EXERCISE
The entries need to be copied exactly as they stand, images left out.
· · ·
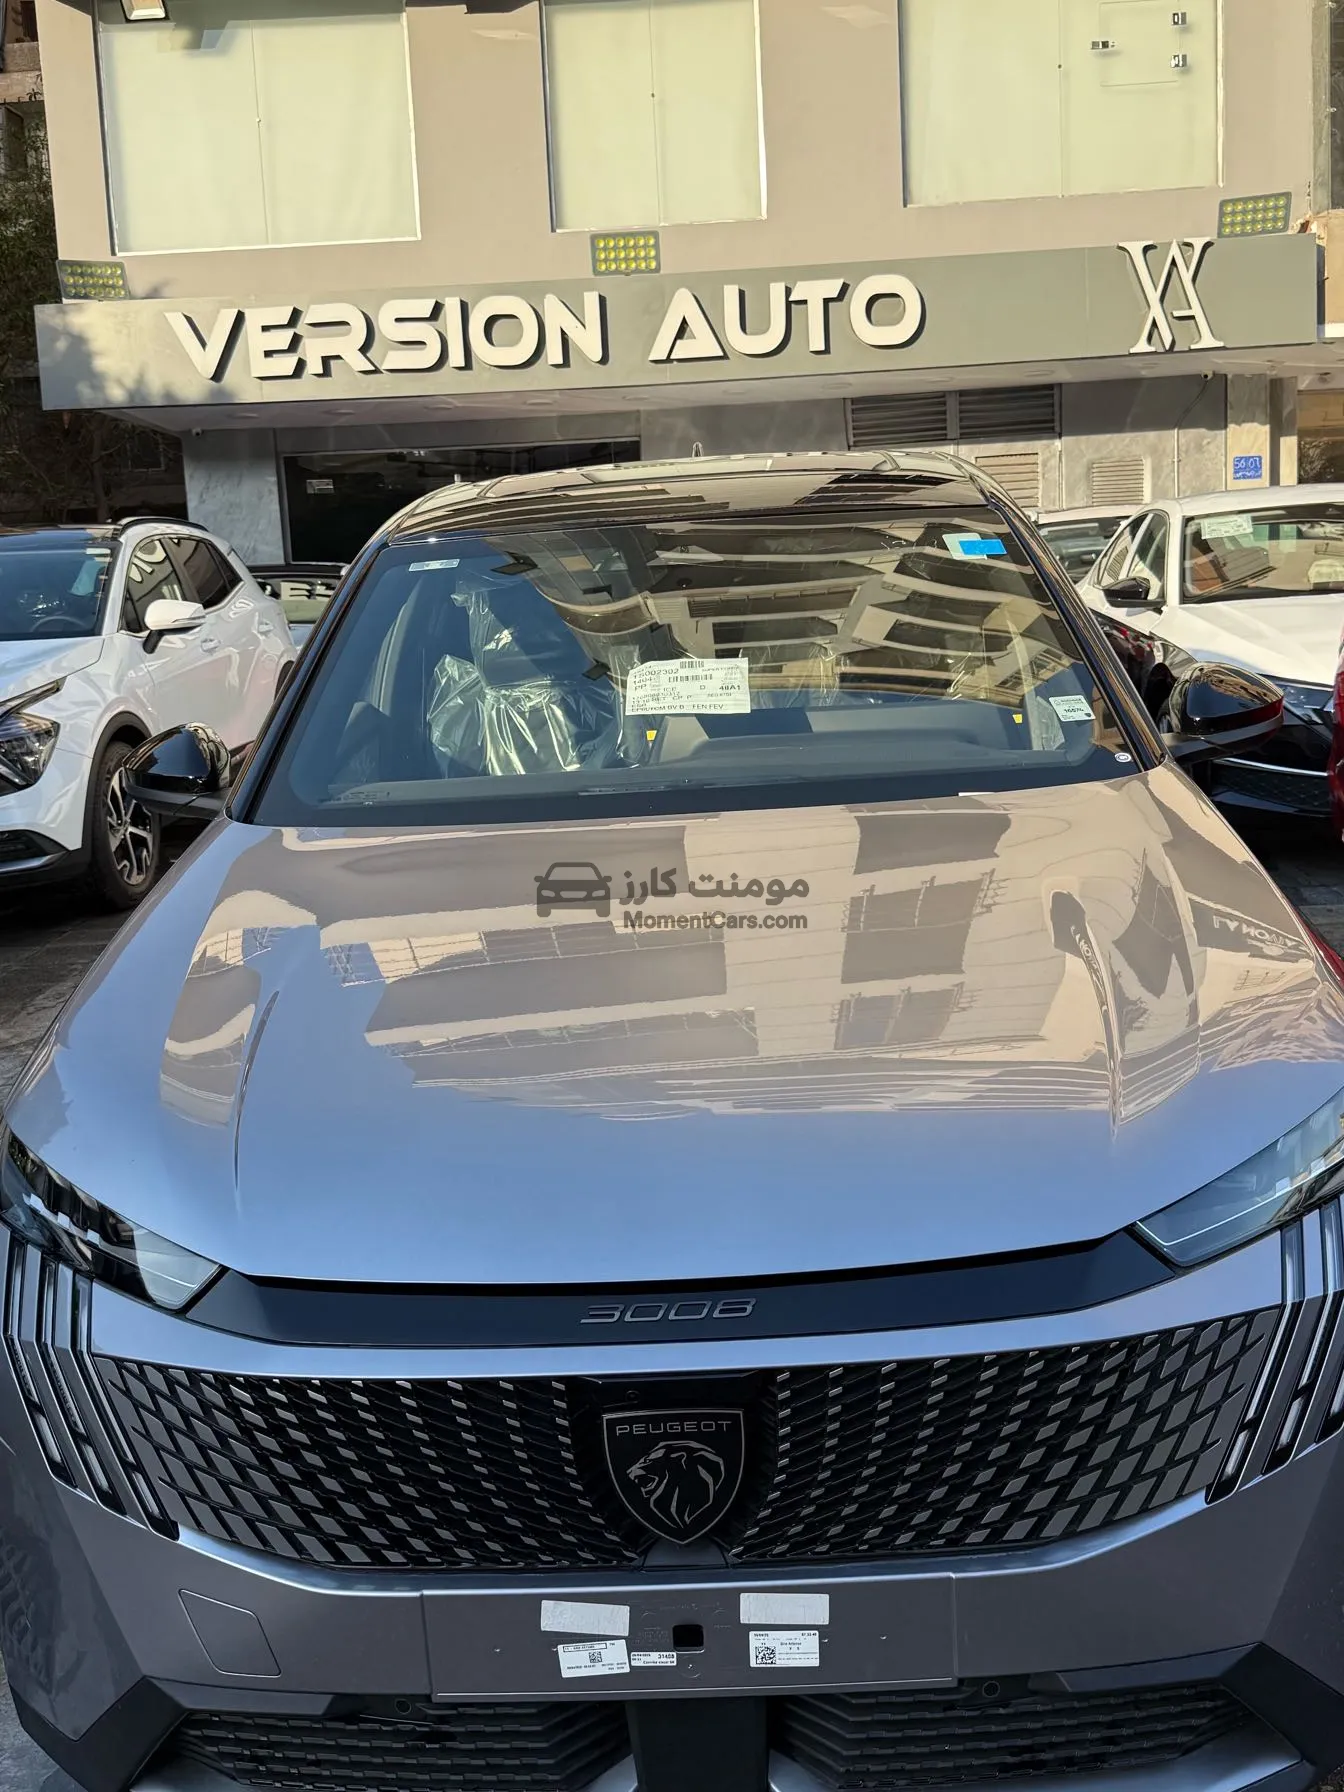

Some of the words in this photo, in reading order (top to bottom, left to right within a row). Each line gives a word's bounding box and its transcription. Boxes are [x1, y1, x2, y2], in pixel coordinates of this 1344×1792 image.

[165, 291, 609, 382] VERSION
[648, 273, 925, 362] AUTO
[580, 1297, 757, 1323] 3008
[615, 1420, 732, 1437] PEUGEOT
· · ·
COMPLETED EXERCISE
Some of the words in this photo, in reading order (top to bottom, left to right within a row). Each line gives a word's bounding box and its transcription. Boxes are [x1, y1, x2, y2], in pixel coordinates of this 1344×1792 image.

[165, 291, 609, 382] VERSION
[648, 273, 925, 362] AUTO
[580, 1297, 757, 1323] 3008
[615, 1420, 732, 1437] PEUGEOT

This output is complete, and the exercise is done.